TASK BRIEF
Repeat the data exactly, leaving out any image.

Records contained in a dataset
+++
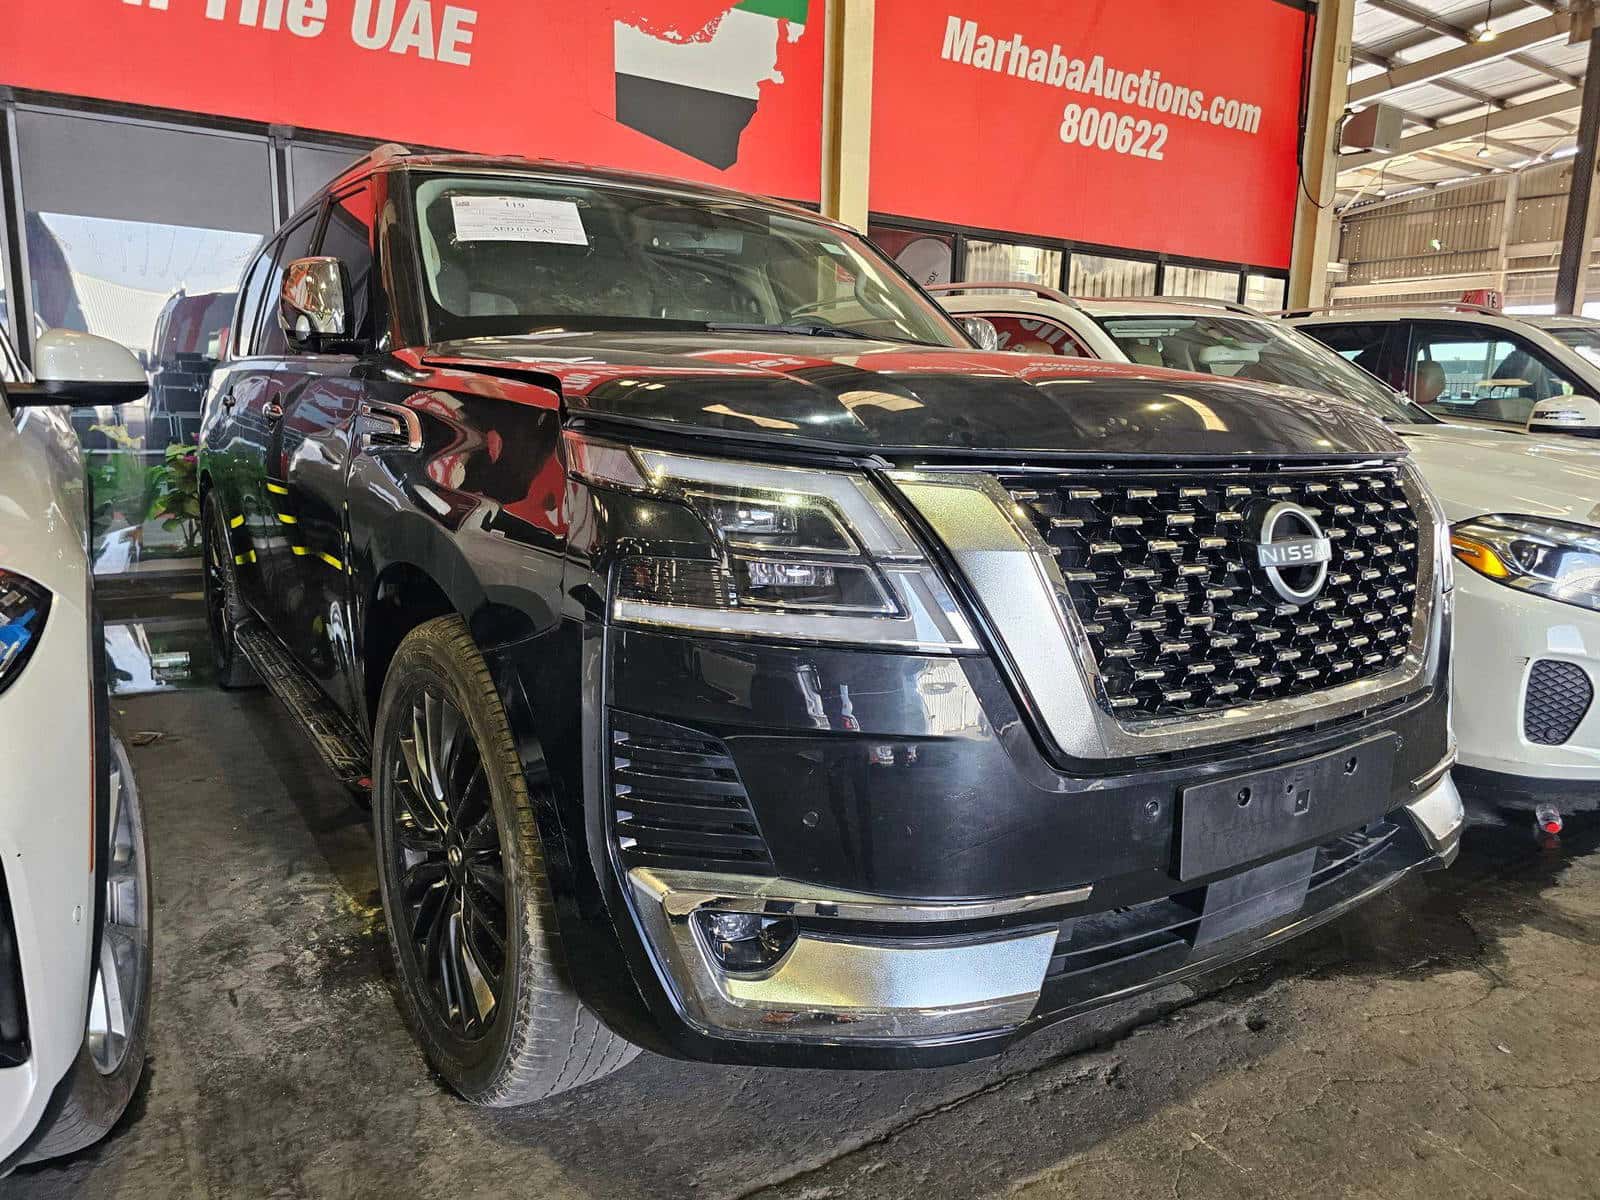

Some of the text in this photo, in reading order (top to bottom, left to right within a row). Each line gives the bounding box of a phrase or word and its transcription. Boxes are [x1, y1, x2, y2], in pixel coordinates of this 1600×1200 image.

[351, 0, 477, 66] UAE
[941, 15, 1262, 134] MarhabaAuctions.com
[1059, 103, 1169, 161] 800622
[1261, 543, 1331, 563] NISS
+++
WORKED SOLUTION
Some of the text in this photo, in reading order (top to bottom, left to right within a row). Each line gives the bounding box of a phrase or word and its transcription. Boxes are [x1, y1, x2, y2], in pixel coordinates of this 1600×1200 image.

[351, 0, 477, 66] UAE
[941, 15, 1262, 134] MarhabaAuctions.com
[1059, 103, 1169, 161] 800622
[1261, 543, 1331, 563] NISS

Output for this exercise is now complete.